Laureen Marchand, Painter, Rewilding Imagination
I live in the southwest corner of Saskatchewan, in Val Marie, at the gateway to Grasslands National Park. Inspired by this region’s subtlety and remoteness, my paintings reflect on our ideas and perception of beauty. I hope these artworks invite you to see not just the painted object, but yourself in it.
Though my paintings are representational, they aren’t just about surface appearance. I believe that if I can paint someone or something so it looks the most like itself, I might help viewers see not just the painting’s subject, but themselves in it. I believe that without an essential understanding of our own beauty and the beauty of our experience, we can’t appreciate the value of what we encounter.
In my current project, Rewilding Imagination, I offer viewers the chance to change something about the way they see. Rewilding Imagination via artwork isn’t a project on the scale of the extraordinary 20-year environmental restoration endeavour of Isabella Tree and Charlie Burrell in West Sussex, UK who transformed 3,500 acres of barren farmland into a thriving wilderness. Rewilding Imagination is more like what people do when they rewild their gardens. We understand that we need both domestic and wild elements in our lives and in doing so, look for ways that allow both to thrive.
As Isabella Tree said, “Rewilding – giving nature the space and opportunity to express itself – is largely a leap of faith.” I have faith that by visually integrating dailiness and wildness as well as the interruptive elements of pure abstraction, I can help a viewer see domestic beauty in harmonious relationship to both natural and human-made beauty, rather than merely accepting our society’s view that these elements must conflict.

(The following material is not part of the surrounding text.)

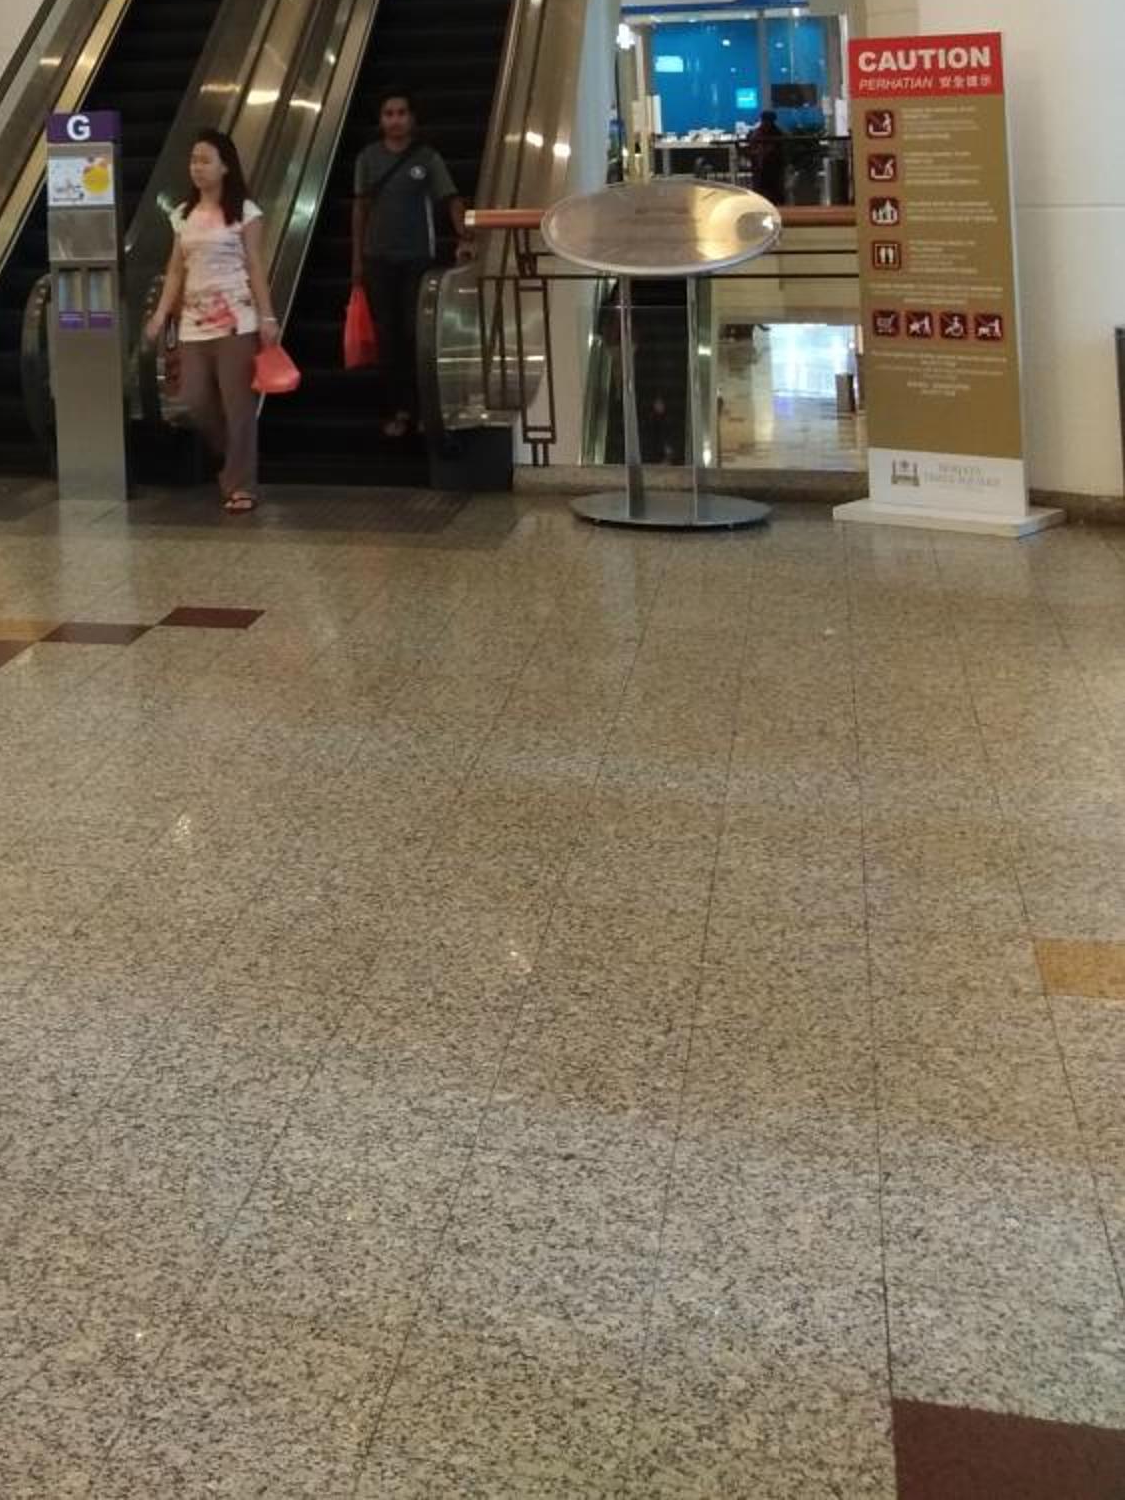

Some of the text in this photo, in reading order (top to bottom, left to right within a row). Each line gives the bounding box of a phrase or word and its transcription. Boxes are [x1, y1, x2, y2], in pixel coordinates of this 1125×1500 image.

[858, 46, 991, 73] CAUTION
[858, 76, 933, 91] PERHATIAN
[66, 115, 91, 140] G
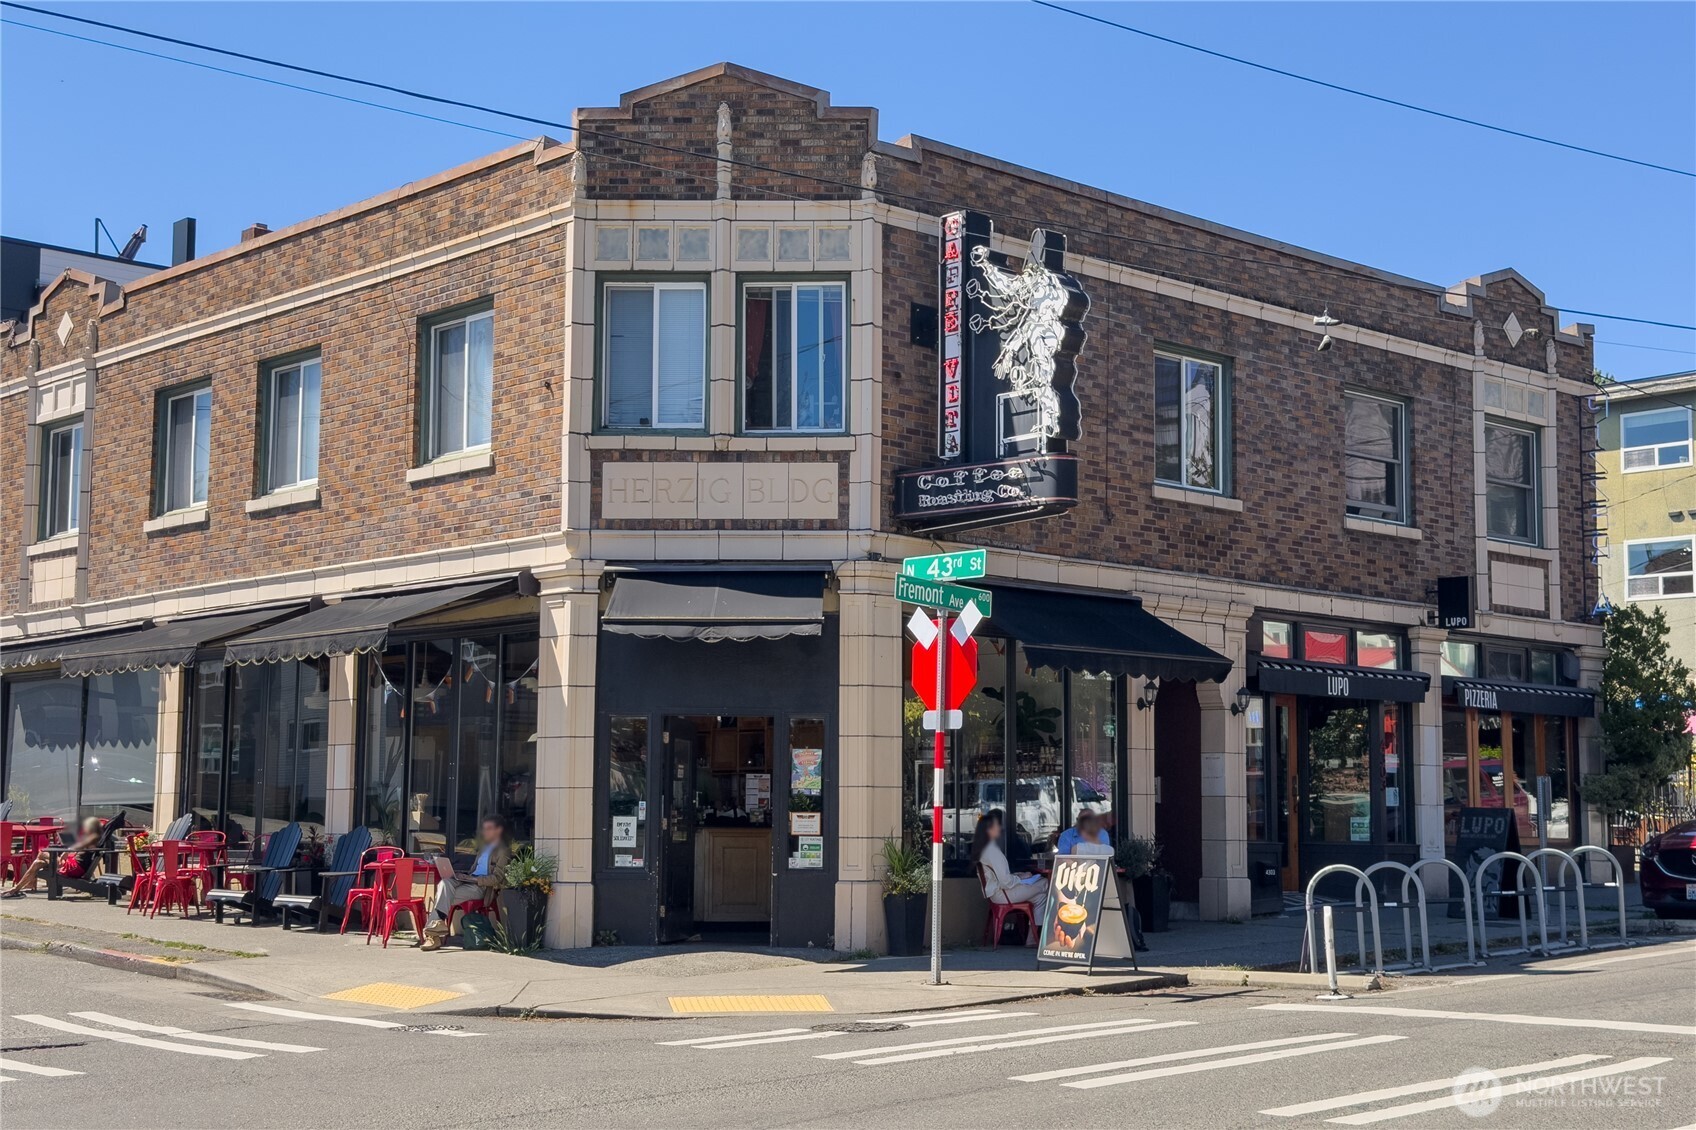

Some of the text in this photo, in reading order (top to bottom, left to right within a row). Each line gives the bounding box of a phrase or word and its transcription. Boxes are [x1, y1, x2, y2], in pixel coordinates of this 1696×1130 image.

I continue to explore the connection between our inner view and what’s around us. The birds I paint are my birds. They have visited my back garden, or they have graced my immediate environs. I live in an area of huge airscape panoramas, near one of Canada’s largest dark sky preserves, and the skies I paint the birds into are my skies. The common and household objects in my paintings are taken from my life. My studio is in my home and my home is an influence on every choice I make. I think it’s an influence on every choice that all of us make. And the abstract elements I use come from my history of studying in two formalist art schools in succession. Like everyone else, I’m incapable of deciding not to be influenced by my experience. This is important to me because I live and work in a society that argues for seeing the domestic, the natural, and the abstract as being in conflict. I am convinced, and have set out to convince others, that they aren’t.
Because I believe that the personal and the exterior can’t be separated without diminishing both, my paintings seek to remind us of the inescapable way these fit together.